There is another one going on right now.
Terrace building, odd year 1-52 float. The total out of pocket will go above $1000.
http://cgi.ebay.com/ws/eBayISAPI.dll?ViewItem&rd=1&item=280257783007&ssPageName=STRK:MEWA:IT&ih=018

What do you think?


----------



## LisaH (Sep 17, 2008)

I could be wrong but I believe neither Plaza nor Terrace has floating weeks all year around. Only Cascade has floating weeks 1-52.


----------



## Blues (Sep 17, 2008)

That was an EOY unit.  Still, the auction depresses me, since I'm thinking of selling my Ridge Naegle 2 BR.  I guess I'll wait until the market recovers.

For Naegles, the seasons are Prime Winter, Prime Summer, and (other designation meaning shoulder or off-season -- Non-prime?).

IIRC, for all other units at The Ridge, the seasons are either Prime or Non-prime.  Prime gets you either winter or summer; you pick each year.  Non-prime essentially gets you spring or fall.  Hopefully, since the auction said floating 1-52, they really meant prime.  But they definitely don't have a year-round float.

Still, someone got a great deal.

-Bob


----------



## Phill12 (Sep 17, 2008)

travelhome said:


> I'm looking at the tahoe area and would like get your input on some of the auctions on ebay.
> 
> This is in Plaza building, Even year 1-52 float. The total out of pocket is $919.  This is the lowest price I found from ebay history for ridge tahoe. Is this a good deal?
> http://cgi.ebay.com/ws/eBayISAPI.dll?ViewItem&item=200247621270&ssPageName=ADME:X:RTQ:US:1123
> ...





  Your right about the Plaza price being a great deal!

  No matter what season it is this would be a great deal.

  We have stayed bonus nights in the Terrace and no price would be worth owning for us, just don't like the Terrace.

 We own the Naegle summer and eoy Tower and love the Ridge.

 I can tell you that the $919.00 is less than you would pay for one of the resorts outside of the gate.

 Make sure you understand what your buying because many of these e-bay ads are wrong.

 Looking at the e-bay ad and it states the deed number 061 but the map number for the Plaza is 37 so you might check this out. We had a lady ask some of these same questions in March and after some of us owners giving her this information she did find what they were selling was one of the outside units that has use of the Ridge club house and pool.
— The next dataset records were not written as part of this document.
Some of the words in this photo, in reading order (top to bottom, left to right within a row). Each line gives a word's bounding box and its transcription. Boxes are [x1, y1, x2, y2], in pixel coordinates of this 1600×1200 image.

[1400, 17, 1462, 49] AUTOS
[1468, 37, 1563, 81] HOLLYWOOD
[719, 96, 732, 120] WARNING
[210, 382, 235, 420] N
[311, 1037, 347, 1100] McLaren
 The  Naegle is deeded as 31,32 33 on your deed and is always first two numbers on your acct. Tower is 34,Terrace is 28 and Plaza is 37.

 Also week 20 is swing season for the Naegles and Plaza being 1000ft down hill from us probably has same weather! LMAO

 We ran into a lady last year all happy at check-in that bought a Tower unit every year prime for under $4000 on e-bay and it was her first trip. 
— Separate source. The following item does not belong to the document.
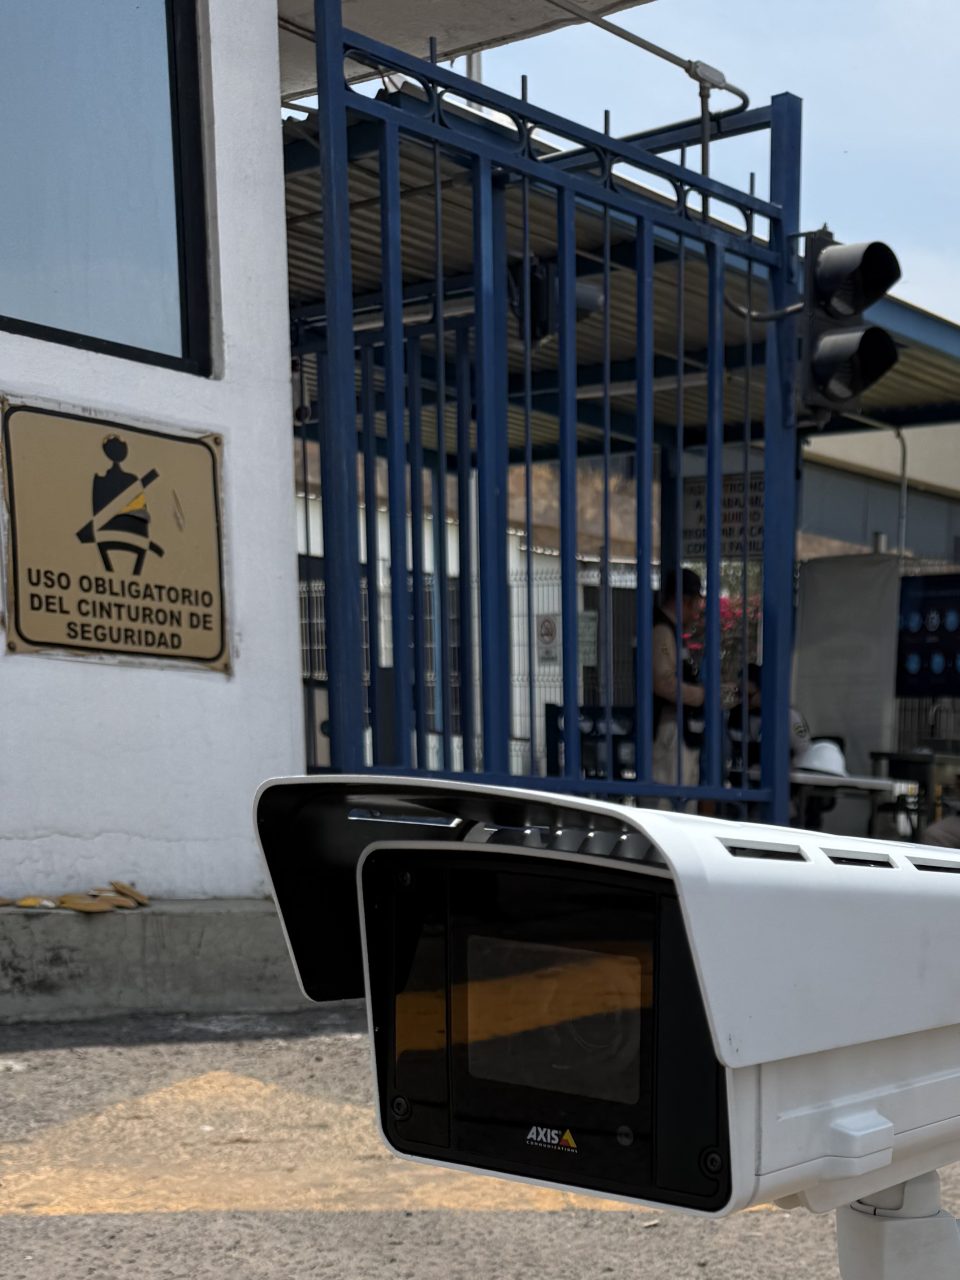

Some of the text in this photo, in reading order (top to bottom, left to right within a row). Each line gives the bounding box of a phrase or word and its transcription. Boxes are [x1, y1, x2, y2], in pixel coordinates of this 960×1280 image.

 We told her she either found the best deal ever because we have been owners two different times of the Tower or there is something wrong.
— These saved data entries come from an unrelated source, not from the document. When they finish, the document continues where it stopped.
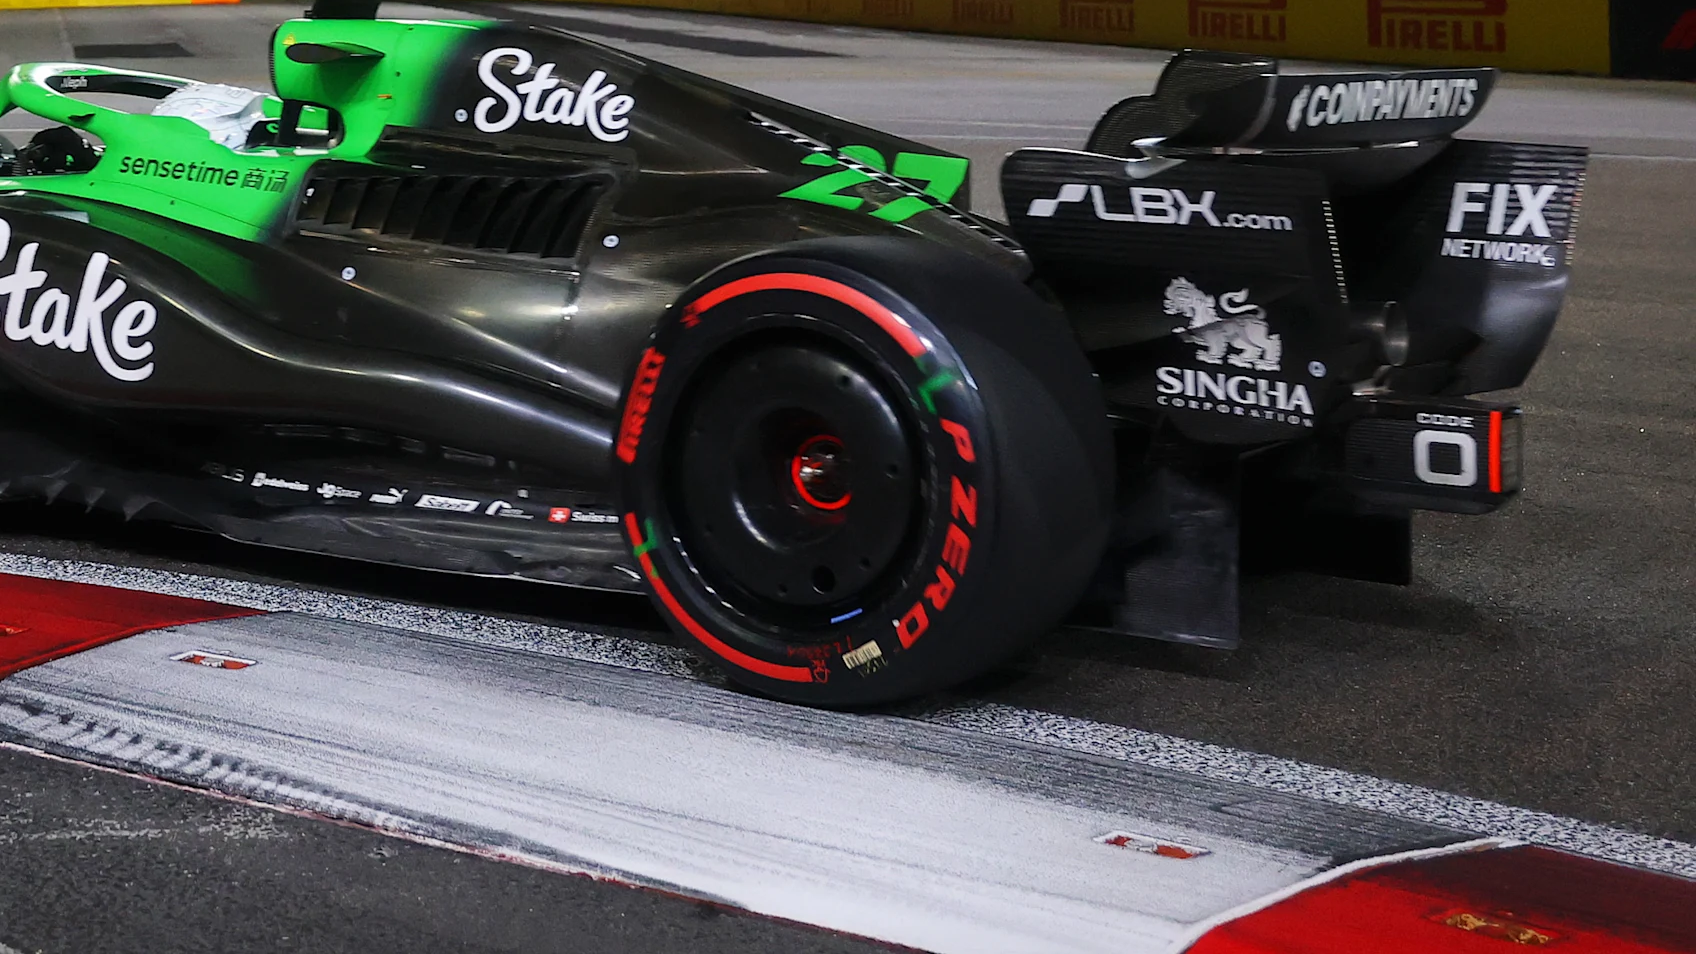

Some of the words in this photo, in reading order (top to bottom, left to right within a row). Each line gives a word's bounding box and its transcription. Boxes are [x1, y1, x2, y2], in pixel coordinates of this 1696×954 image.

[473, 47, 635, 142] Stake
[119, 155, 239, 187] sensetime
[240, 167, 291, 193] 商汤
[783, 145, 970, 223] 27
[1090, 184, 1293, 230] LBX.com
[1446, 182, 1558, 237] FIX
[1441, 238, 1553, 265] NETWORK
[1155, 366, 1315, 416] SINGHA
[1156, 396, 1314, 428] CORPORATION
[939, 418, 977, 463] P
[1416, 412, 1475, 428] CODE
[895, 474, 978, 650] ZERO
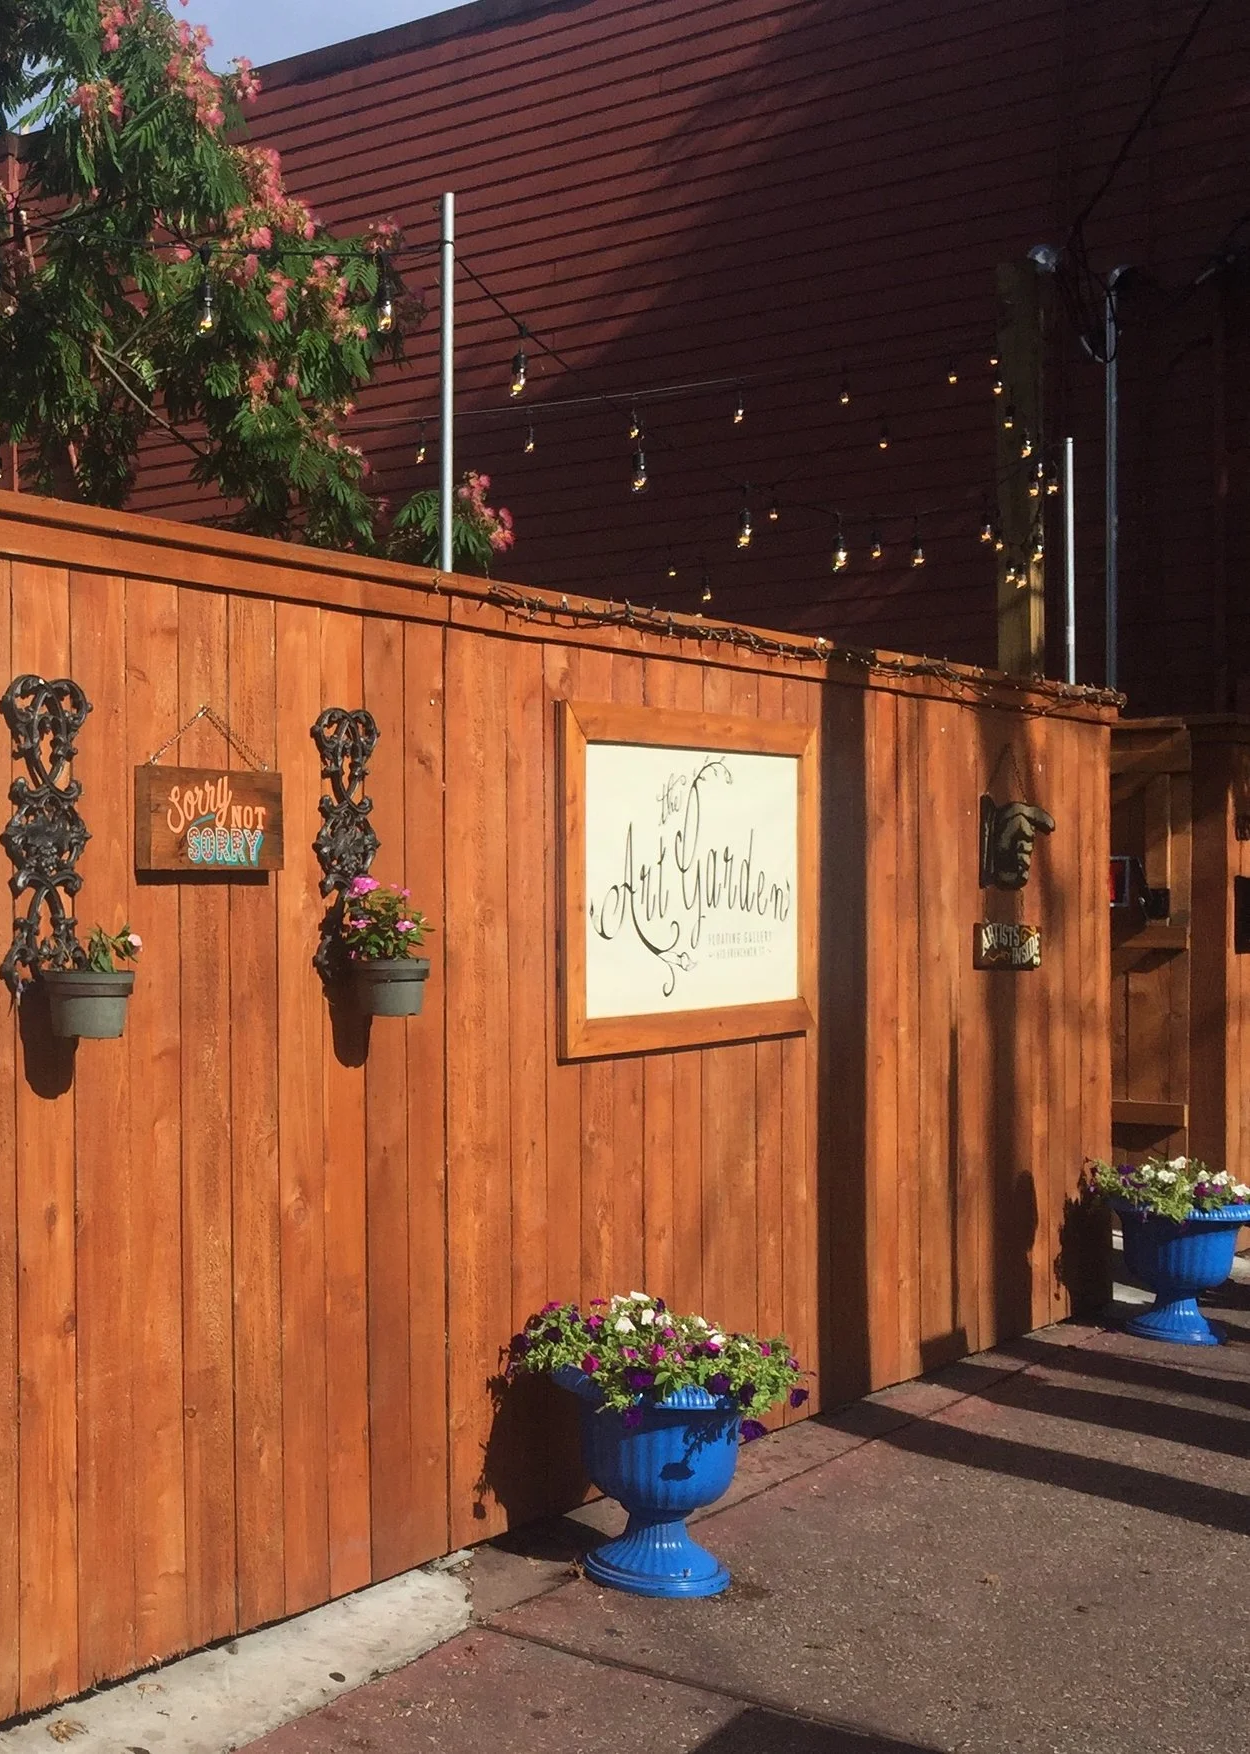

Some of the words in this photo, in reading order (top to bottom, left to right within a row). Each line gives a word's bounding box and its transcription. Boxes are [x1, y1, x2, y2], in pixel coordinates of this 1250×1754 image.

[167, 776, 233, 833] Sorry
[230, 805, 267, 830] NOT
[656, 773, 686, 826] the
[187, 826, 264, 867] SORRY
[590, 821, 670, 953] Art
[674, 780, 790, 950] Garden
[981, 922, 1020, 958] ARTISTS
 At check-in she was crying because she was told she didn't have the Tower but one of the cheaper outside units and instead of a great Tower deal she spent way to much for the unit she bought! 

 PHIL


----------



## travelhome (Sep 19, 2008)

*look at this ad*

Look at this ad!

This person own so many units at Ridge Tahoe!! Every single week is rented more than MF. One can make a lot of money in TS this way. It really doesn't cost much to put all these weeks in one ad in ebay store. Good economy of scale!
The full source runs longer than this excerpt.